A um, a necessidade de fundamentação das decisões judiciais no artigo 489, do Código de Processo Civil aumentou o ônus argumentativo decisório, mecanismo de controle dos vieses e os preconceitos que podem aparecer na interpretação da legislação com conceitos jurídicos indeterminados, princípios, cláusulas abertas etc.
Os parágrafos segundo e terceiro do artigo 489, CPC, explicitam o ônus argumentativo na fundamentação da decisão, seja o assessor minutando-a, seja o magistrado a fazendo sem ajuda na solidão do gabinete ou de seu lar, de modo que a própria necessidade de fundamentação pode evitar vieses e preconceitos.
A dois, pode-se dizer que vieses e preconceitos nas demandas tributárias têm uma influência potencialmente maior sobre julgadores administrativos e de primeira e segunda instâncias judiciais, quando a qualificação de fatos pode ser necessária.

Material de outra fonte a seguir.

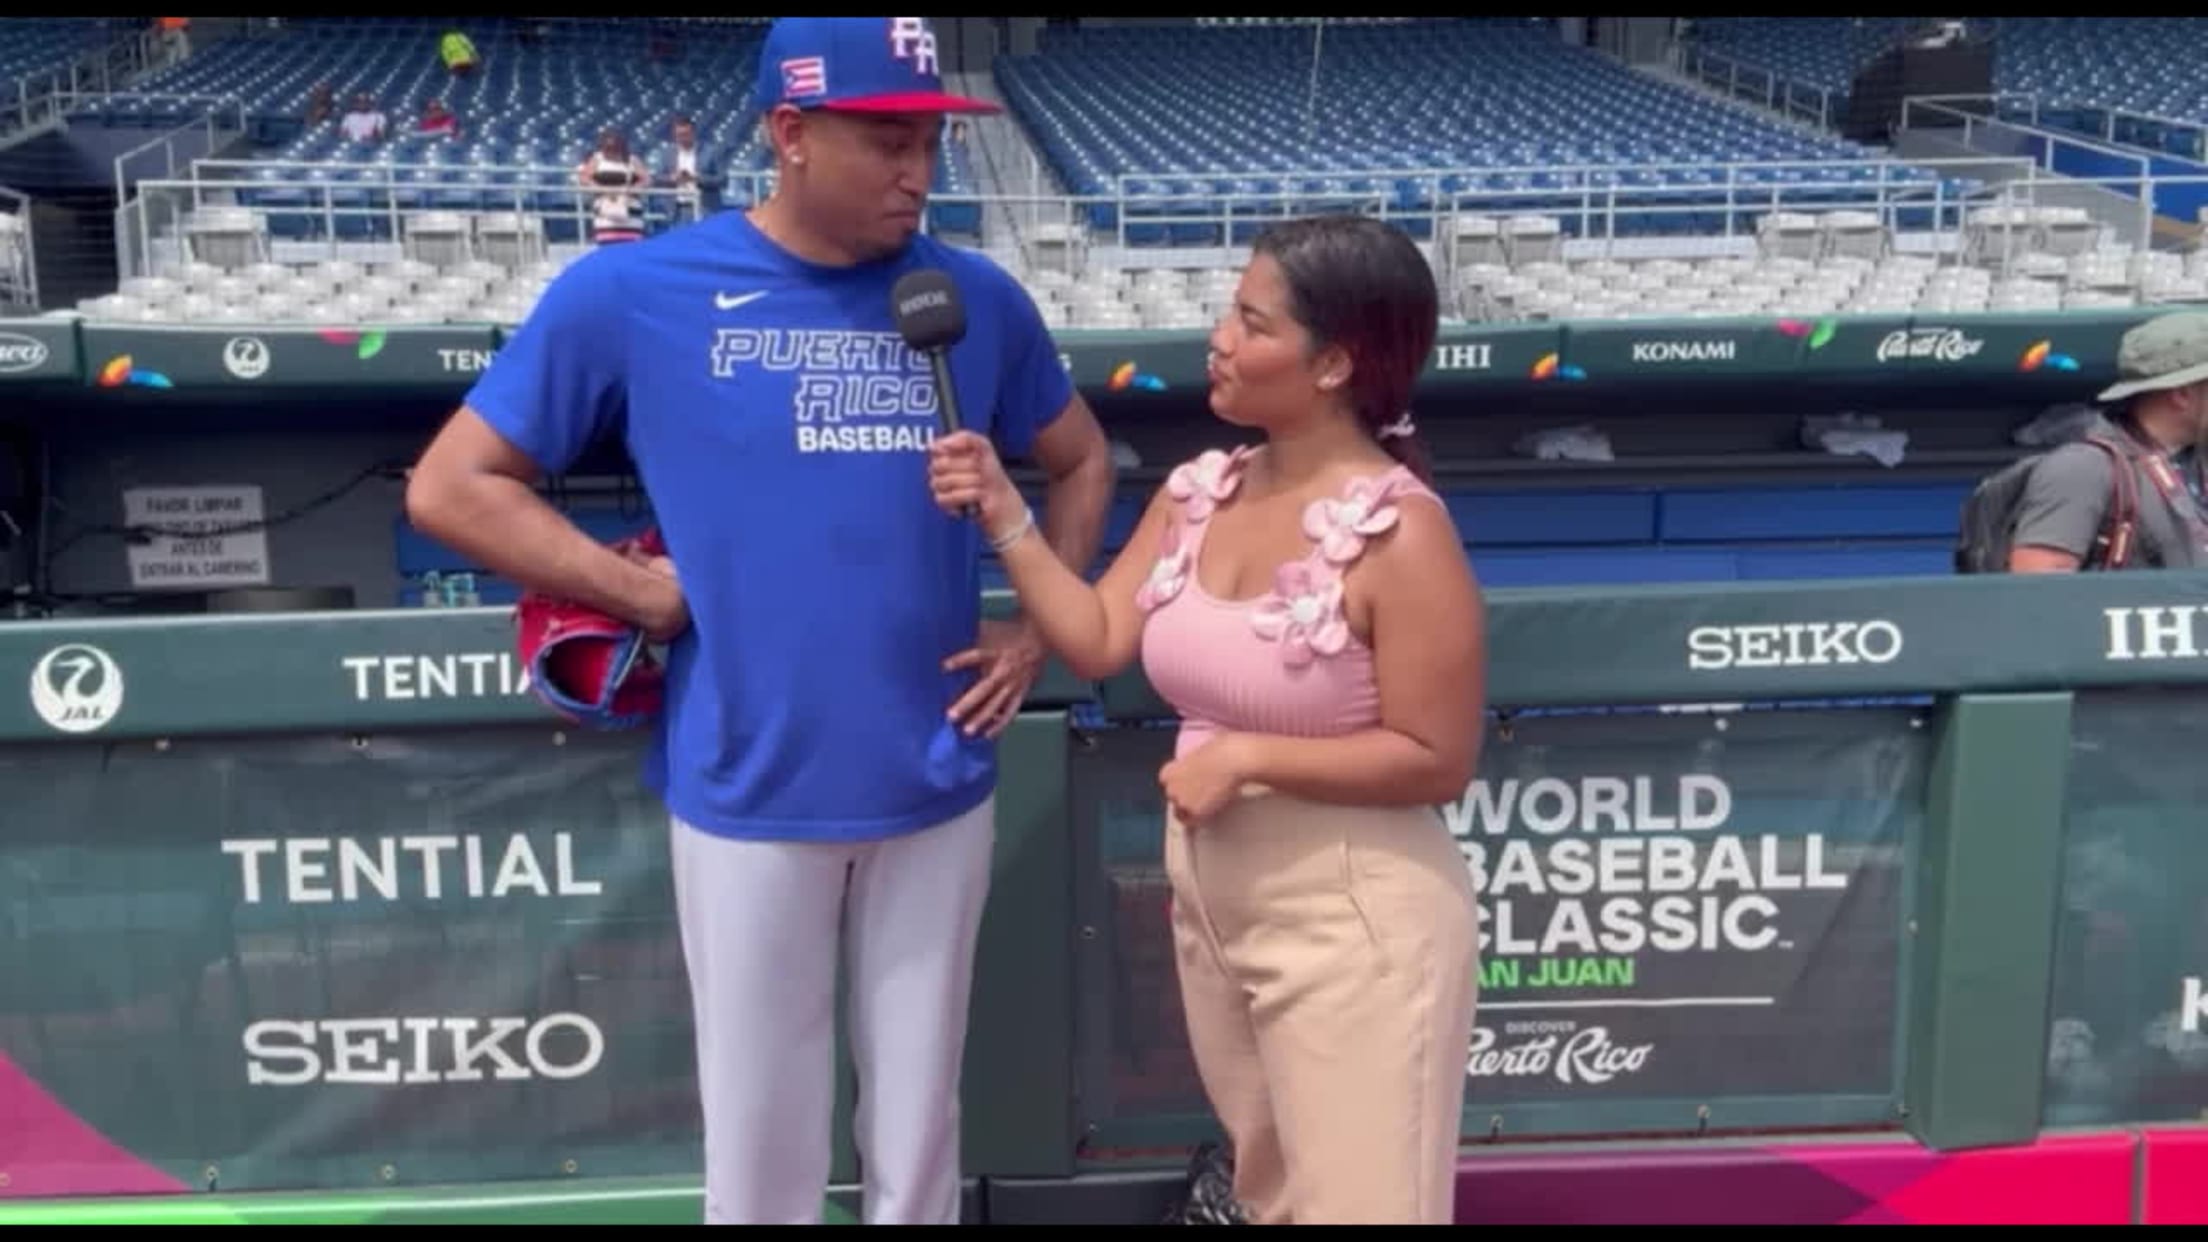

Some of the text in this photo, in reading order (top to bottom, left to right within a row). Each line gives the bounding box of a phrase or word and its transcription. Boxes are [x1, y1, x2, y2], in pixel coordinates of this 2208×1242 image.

Lembre-se de que a determinação dos fatos tem sido relegada pela teoria jurídica, não se levando os fatos a sério, como bem percebeu William Twining [3]. Essa foi uma preocupação também um dos maiores juristas dos últimos tempos, recentemente falecido, Michele Taruffo, que em seu clássico "Simplesmente a verdade: o juiz e a reconstrução dos fatos" alertou para que as máximas da experiência são utilizadas no Direito, não raro, expressando uma generalização sem base cognitiva, como lugares comuns, preconceitos e estereótipos, distantes de qualquer conhecimento efetivo [4].
Para ele, com aportes em Twining, Umberto Eco e Bernard S. Jackson, toda narração é cultural, entendendo-se cultura como conhecimento de mundo, donde haver um stock of knowledge, um sentido comum ou de cultura geral que influencia os aplicadores do Direito [5]. Preconceitos, estereótipos e perfis fazem parte da cultura, da compreensão do que seria "normal" dentro da cultura [6], e influenciam tanto na determinação dos fatos, quanto na interpretação de dispositivos normativos.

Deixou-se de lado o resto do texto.